“Era
uma vez um reino insular muito distante daqui, onde todos os camelos eram altos
e orgulhosos, e os homens eram hábeis ceramistas, usando a argila macia que
havia perto da costa. O rei era justo com seu povo, e um estado de harmonia prevalecia.
Todos podiam comer frutas deliciosas e vestir belas roupas.
Embora
o reino fosse próspero, estava separado do mundo exterior, no meio do mar. Toda
vez que alguém precisava de alguma coisa que não podia ser encontrada na ilha,
um barco era enviado ao continente para trazê-la. Mas as águas ao redor eram
tão perigosas que esses barcos frequentemente afundavam, afogando os
tripulantes.
Bem,
neste reino vivia um homem chamado Jumar Khan. Ele era jovem e belo e possuía
um barco que costumava usar para transportar mercadoria de um reino próximo; na
verdade, muito distante. Ele enfrentava as ondas altas e viajava com
frequência. Numa dessas jornadas, viu um corcel que estava à venda. Era branco
como a neve recém-caída, com uma crina negra como ébano e olhos brilhantes como
brasa.
Jumar
Khan não tinha esposa ou filhos para sustentar e estava com uma bolsa de ouro,
o lucro de muitas travessias perigosas. Perguntou ao proprietário o preço do
cavalo. Seu dinheiro era suficiente, mas o proprietário do animal disse a ele:
‘Vou vendê-lo a você se prometer que nunca o venderá’.

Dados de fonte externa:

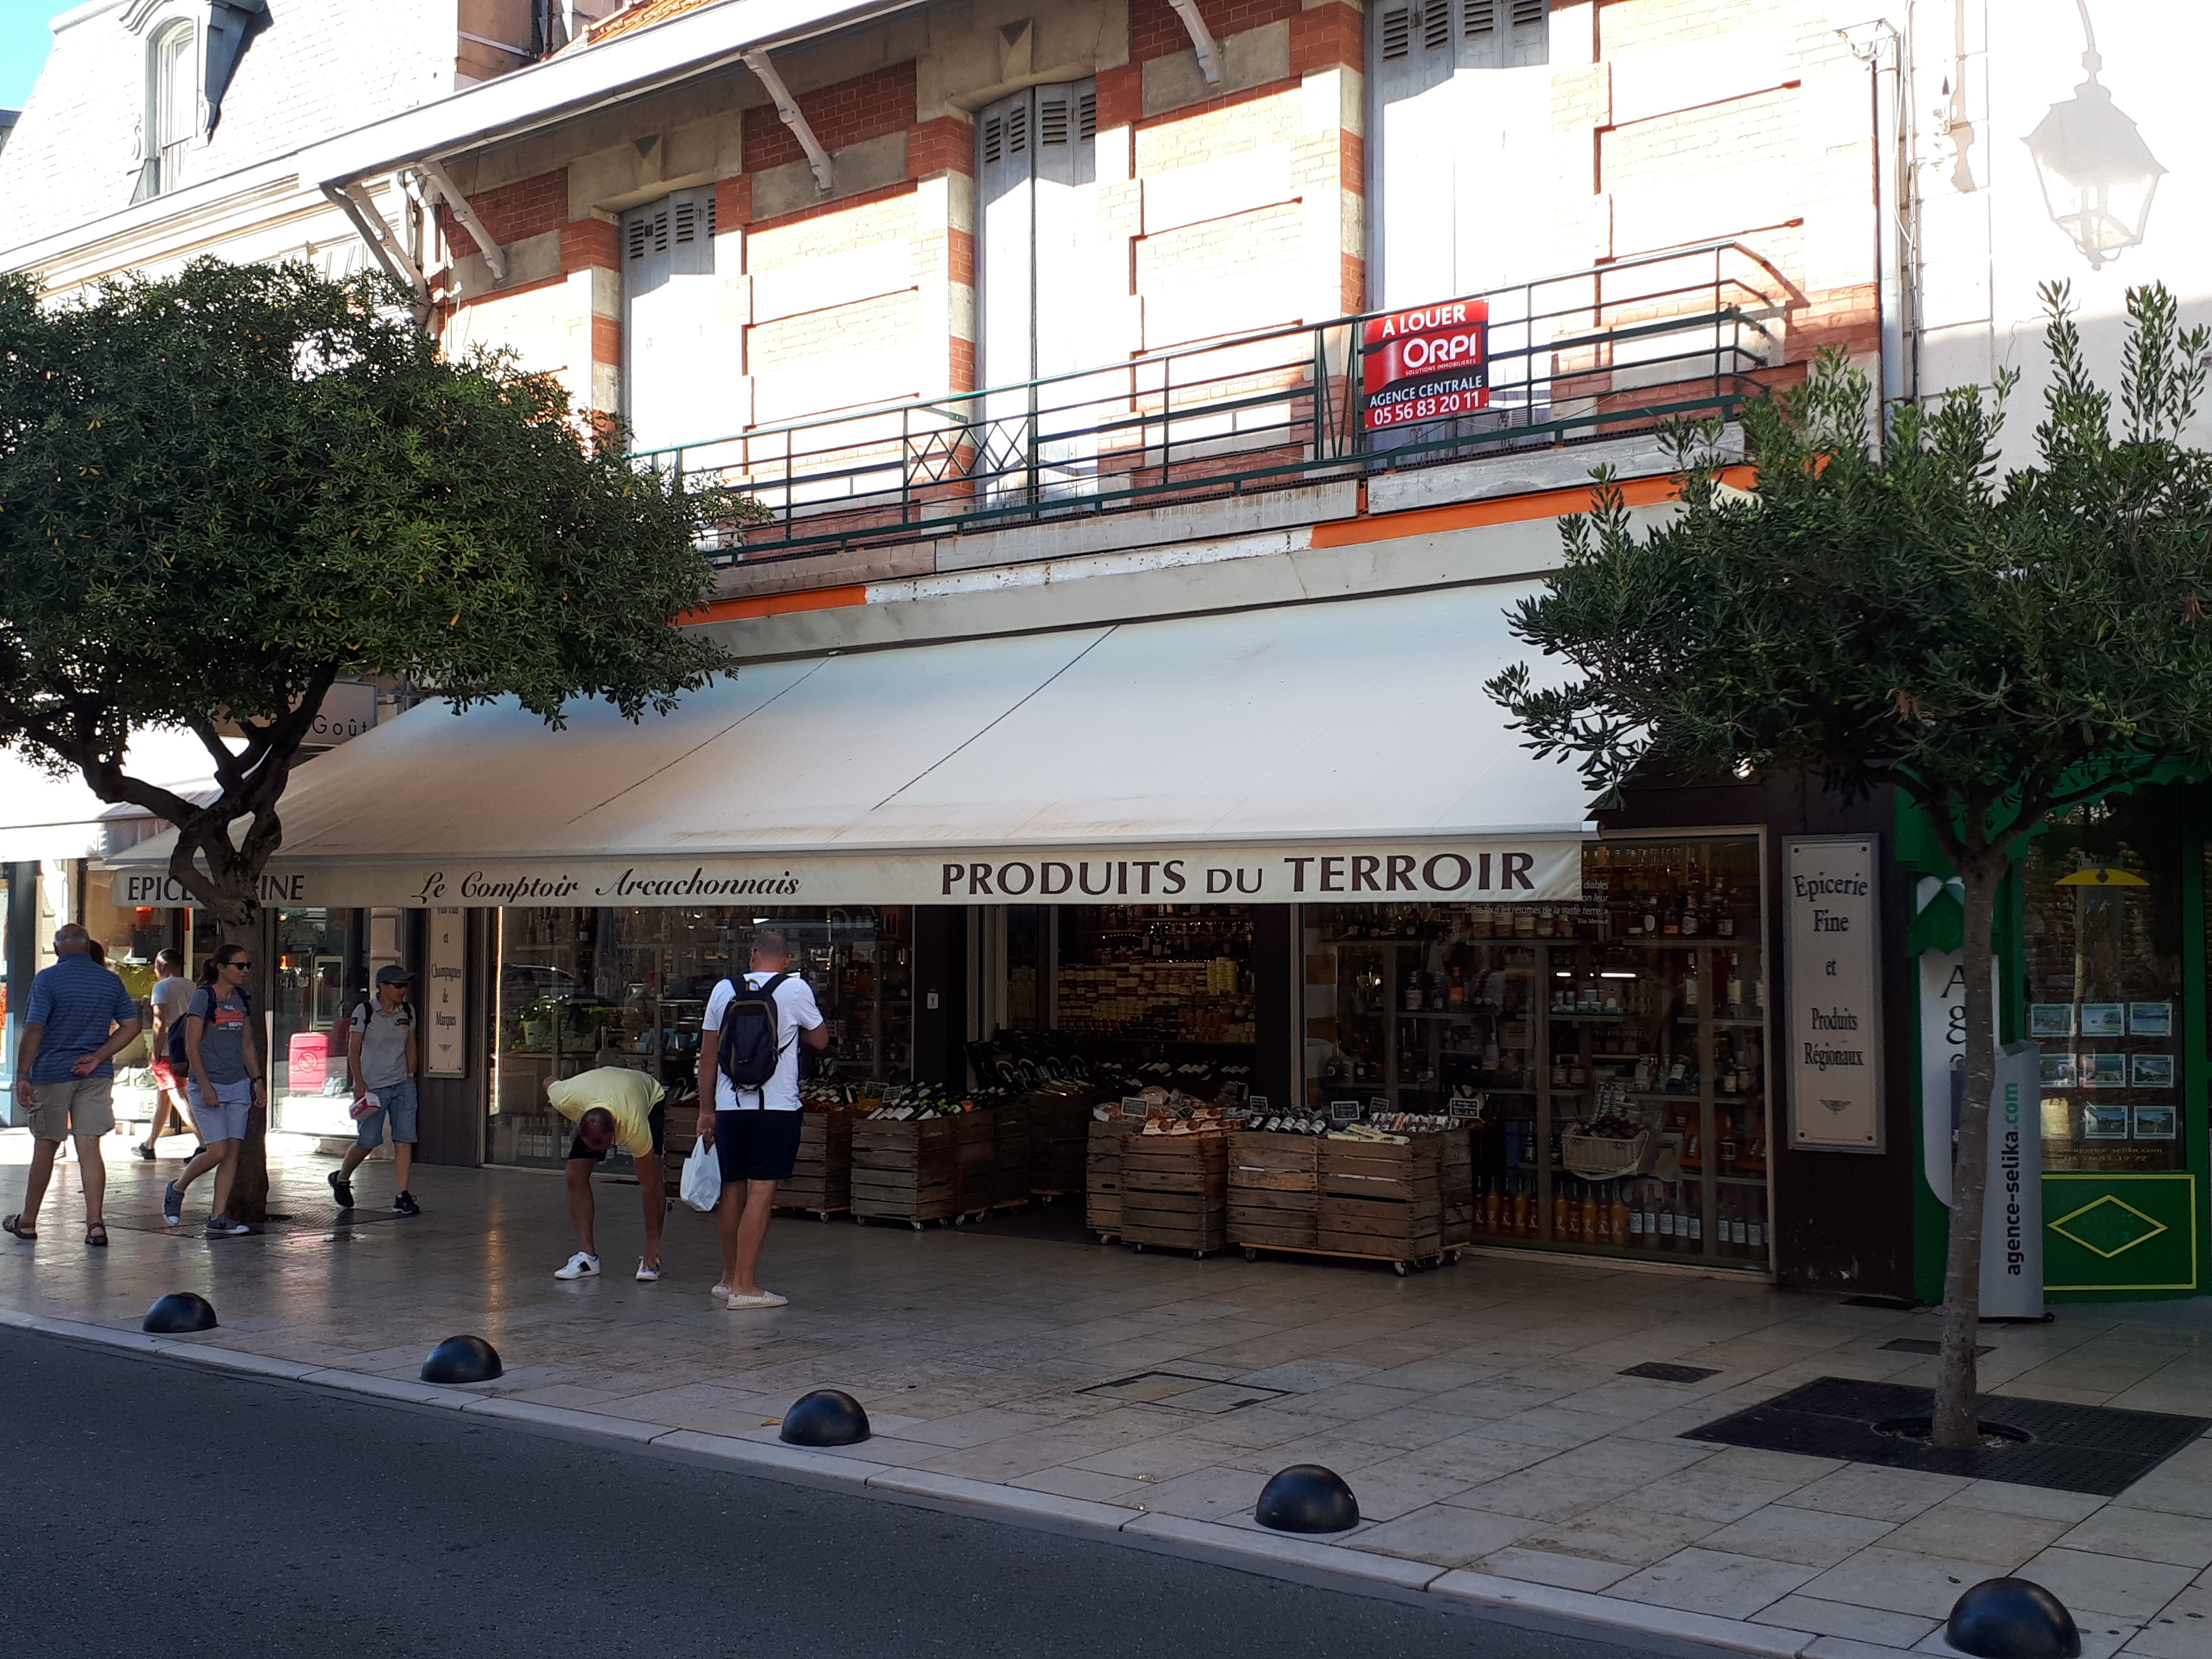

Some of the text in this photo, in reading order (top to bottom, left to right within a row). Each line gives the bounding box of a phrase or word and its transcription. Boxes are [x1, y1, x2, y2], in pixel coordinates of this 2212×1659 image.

Jumar concordou e entregou o dinheiro. O animal foi
colocado no barco e, por mares revoltos, transportado de volta ao reino.
Alguns anos se passaram, e todos elogiavam o corcel. O
próprio Jumar Khan o amava um pouco mais a cada dia. Então, numa manhã de
inverno, ele partiu numa viagem como costumava fazer, mas uma onda gigante
atingiu seu barco e o esmagou contra os recifes. Jumar e os outros tripulantes
foram salvos pela misericórdia de Deus. Mas, sem o barco, Jumar perdeu seu
ganha-pão e ficou arruinado.
Poderia ter vendido seu cavalo, mas havia prometido
que não o faria. De qualquer modo, adorava-o de coração e não suportaria se
separar dele.
Certo dia, um mercador importante visitou o reino. Ele
era conhecido por sua reputação em todo o Oriente, e seu nome era Sher Ali. Na
sua estada na ilha, ouviu falar de Jumar Khan e do seu infortúnio. E também
soube do fabuloso corcel e da promessa de não vendê-lo. Mas, na experiência do
mercador, todo objeto tem seu preço.
Ele enviou uma mensagem para a casa de Jumar afirmando
que gostaria de ver o animal, pois ouvira dizer que era muito bonito. Sher Ali
chegou na noite seguinte.
Sem dinheiro para pagar empregados, o próprio Jumar
recebeu o convidado e preparou uma refeição fabulosa de carne suculenta com
verduras que ele mesmo cultivara. Sher Ali comeu até não poder mais e, depois
de um copo de chá, perguntou sobre o cavalo.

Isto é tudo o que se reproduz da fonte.